I had originally thought that we would need render mesh to cover the whole of the MgO Boards so that the render would adhere to it so I bought from Foamex (manufacturers of polystyrene walling and insulation systems) two rolls of 200mm wide mesh and two rolls of 1200mm wide mesh. I had believed that both widths were self adhesive, I checked the small rolls when i purchased them but the larger rolls were wrapped up and I just assumed they were the same. But, when I got them to site I found that the 1200mm rolls were not self adhesive. Going back and checking my original quote I found that the mistake was mine and the 200mm rolls were listed as self adhesive and the 1200mm were not. I confessed to my mistake and e-mailed Foamex asking if I could return or exchange the 1200mm rolls. As they were unopened and unused this was not a problem. I went back to their warehouse where I had originally picked up the mesh from and had no problems at all returning the 1200mm rolls, getting three more 200mm rolls and getting a refund for the difference. The fabulous service I received from Foamex could not be in more contrast to the problems I have had with the plywood. 

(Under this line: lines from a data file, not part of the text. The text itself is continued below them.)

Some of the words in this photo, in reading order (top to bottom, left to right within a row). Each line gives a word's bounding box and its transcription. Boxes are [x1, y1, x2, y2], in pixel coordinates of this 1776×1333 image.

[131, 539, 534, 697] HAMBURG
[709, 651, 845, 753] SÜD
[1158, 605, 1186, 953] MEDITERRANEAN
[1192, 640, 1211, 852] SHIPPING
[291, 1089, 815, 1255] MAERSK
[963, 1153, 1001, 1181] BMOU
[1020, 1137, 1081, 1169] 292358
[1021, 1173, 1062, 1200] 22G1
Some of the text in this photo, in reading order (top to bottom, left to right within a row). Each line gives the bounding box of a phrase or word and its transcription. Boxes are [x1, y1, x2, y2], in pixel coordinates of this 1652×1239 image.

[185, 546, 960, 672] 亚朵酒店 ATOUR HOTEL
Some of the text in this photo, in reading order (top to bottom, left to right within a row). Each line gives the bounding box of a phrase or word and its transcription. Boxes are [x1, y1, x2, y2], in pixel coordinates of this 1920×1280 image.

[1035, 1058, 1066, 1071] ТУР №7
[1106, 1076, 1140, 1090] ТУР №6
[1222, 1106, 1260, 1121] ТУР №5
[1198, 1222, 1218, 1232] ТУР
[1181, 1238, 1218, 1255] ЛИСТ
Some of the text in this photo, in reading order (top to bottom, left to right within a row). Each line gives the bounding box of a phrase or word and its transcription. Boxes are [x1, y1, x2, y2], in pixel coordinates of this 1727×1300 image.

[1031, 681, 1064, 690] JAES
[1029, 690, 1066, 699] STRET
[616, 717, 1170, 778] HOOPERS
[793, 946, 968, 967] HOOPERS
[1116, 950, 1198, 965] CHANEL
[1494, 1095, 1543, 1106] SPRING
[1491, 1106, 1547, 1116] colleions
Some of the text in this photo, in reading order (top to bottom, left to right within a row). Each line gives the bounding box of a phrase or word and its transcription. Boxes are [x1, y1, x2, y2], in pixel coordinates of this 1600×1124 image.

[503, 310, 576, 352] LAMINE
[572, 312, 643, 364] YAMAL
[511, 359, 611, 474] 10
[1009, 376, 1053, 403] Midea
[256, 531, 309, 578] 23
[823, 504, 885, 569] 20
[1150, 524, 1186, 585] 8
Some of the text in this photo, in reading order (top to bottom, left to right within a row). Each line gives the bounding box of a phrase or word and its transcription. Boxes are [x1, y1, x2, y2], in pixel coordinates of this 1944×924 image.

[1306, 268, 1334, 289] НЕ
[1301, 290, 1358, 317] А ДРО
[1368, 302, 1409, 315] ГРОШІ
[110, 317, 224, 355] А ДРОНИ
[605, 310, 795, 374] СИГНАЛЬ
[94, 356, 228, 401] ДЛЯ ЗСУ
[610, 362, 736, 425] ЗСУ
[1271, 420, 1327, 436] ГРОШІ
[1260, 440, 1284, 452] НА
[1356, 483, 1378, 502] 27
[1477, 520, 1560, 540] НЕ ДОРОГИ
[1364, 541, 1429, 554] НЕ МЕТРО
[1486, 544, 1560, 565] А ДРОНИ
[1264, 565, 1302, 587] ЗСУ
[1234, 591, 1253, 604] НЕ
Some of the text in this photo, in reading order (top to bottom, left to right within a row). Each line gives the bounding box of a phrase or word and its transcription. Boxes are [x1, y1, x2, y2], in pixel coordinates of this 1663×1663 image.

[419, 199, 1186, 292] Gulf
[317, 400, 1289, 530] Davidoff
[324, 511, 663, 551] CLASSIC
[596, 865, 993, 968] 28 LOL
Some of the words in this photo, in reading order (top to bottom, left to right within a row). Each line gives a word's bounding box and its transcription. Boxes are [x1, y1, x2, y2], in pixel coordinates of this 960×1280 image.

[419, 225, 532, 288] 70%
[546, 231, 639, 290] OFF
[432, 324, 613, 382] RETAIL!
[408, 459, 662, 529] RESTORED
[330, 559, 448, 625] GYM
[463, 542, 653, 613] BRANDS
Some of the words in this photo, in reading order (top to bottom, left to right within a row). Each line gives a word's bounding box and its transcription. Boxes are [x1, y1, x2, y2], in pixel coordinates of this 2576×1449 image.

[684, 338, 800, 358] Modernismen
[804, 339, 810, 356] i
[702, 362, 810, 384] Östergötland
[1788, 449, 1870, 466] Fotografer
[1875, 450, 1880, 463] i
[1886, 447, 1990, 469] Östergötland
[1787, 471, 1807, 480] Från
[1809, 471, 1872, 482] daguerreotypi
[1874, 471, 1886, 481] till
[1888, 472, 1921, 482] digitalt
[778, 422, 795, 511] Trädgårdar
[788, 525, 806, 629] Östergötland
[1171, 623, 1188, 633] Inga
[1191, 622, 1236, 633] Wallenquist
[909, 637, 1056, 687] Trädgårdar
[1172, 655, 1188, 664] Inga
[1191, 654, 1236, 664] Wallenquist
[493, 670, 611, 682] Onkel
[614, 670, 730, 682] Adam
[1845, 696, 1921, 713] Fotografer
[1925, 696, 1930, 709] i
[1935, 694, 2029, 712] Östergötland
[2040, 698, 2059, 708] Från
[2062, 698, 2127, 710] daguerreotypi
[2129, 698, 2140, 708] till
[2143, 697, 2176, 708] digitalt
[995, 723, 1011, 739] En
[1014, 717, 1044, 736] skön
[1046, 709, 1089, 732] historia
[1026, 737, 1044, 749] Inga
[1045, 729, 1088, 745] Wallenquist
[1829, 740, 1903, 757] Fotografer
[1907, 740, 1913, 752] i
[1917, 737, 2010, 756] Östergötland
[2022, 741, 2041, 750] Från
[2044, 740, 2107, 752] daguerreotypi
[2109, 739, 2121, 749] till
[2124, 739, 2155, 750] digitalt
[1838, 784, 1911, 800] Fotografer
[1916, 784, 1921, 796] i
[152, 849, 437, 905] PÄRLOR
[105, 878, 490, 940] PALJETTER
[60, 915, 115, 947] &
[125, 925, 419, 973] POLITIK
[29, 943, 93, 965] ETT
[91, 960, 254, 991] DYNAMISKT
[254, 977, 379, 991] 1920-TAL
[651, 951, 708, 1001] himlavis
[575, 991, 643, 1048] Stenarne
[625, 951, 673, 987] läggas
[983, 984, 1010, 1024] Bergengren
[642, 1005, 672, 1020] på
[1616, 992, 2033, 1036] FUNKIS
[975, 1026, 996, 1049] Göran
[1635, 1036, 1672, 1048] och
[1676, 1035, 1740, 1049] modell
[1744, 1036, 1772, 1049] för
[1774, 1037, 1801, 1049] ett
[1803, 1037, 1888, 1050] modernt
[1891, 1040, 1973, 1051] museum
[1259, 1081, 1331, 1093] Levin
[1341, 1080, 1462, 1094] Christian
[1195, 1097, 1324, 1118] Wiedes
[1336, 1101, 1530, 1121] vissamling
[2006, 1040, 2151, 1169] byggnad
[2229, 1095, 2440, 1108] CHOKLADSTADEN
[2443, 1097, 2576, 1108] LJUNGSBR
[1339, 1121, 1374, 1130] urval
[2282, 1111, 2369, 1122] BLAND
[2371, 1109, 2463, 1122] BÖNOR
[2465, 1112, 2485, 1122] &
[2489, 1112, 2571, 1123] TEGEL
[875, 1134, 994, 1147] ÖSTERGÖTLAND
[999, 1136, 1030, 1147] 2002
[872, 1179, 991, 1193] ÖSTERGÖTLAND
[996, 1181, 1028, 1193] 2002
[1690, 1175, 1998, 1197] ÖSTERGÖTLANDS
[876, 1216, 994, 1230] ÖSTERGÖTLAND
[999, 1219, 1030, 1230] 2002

While I was off site John continued rendering, as rendering is his second job it had to fit in around work and family commitments. John did three walls of western bedroom in the back pavilion and a section of the external wall, before he was struck down by illness and forced to take a break. It was interesting to watch the process of the internal walls drying. For the first three days after they are done it is hard to see much visual evidence of drying, although you can feel the render firming up. After about a week the walls look unpleasantly patchy as different parts of the wall dry unevenly. Two weeks later the wall looks much more even and after three or four weeks the render is all dry and stops changing.
Back pavilion a few days after rendering
About a week after rendering
Right wall done later than left
Rendering our first external wall was good and bad. Without the ceiling and floor detail to worry about the rendering went quickly and we chose to have a slightly rougher texture on the outside. Problems arose when a chunk of hemp wall next to the window fell out. I had taken an angle grinder with a masonry blade on it to the walls and taken off the sharp corners around the corners and around the windows, so that I could get a nice curve around the window frames. However, I believe that this cutting off of the corner may have cracked a weak section and we will not have to try and patch the section with render. Next time we will try rendering around the window without cutting the corners off the hemp walls.
Detailing around the window
Rendering the external wall
Where a piece of the wall fell out
Window detail
External wall a week after rendering

Wednesday 7 August 2013

Front Door and Roof to Wall Flashing

On the way down to site I stopped that the hardware store and met a friend at the hardware store. My front door was strapped to the roof racks of the car. She said to me "Are you going to put the front door in yourself?" "Yes" I replied and I did just that. My only previous door hanging experience was from a shed so I was a bit concerned about my lack of experience. My solution was to hand the door first then build the door jamb around it.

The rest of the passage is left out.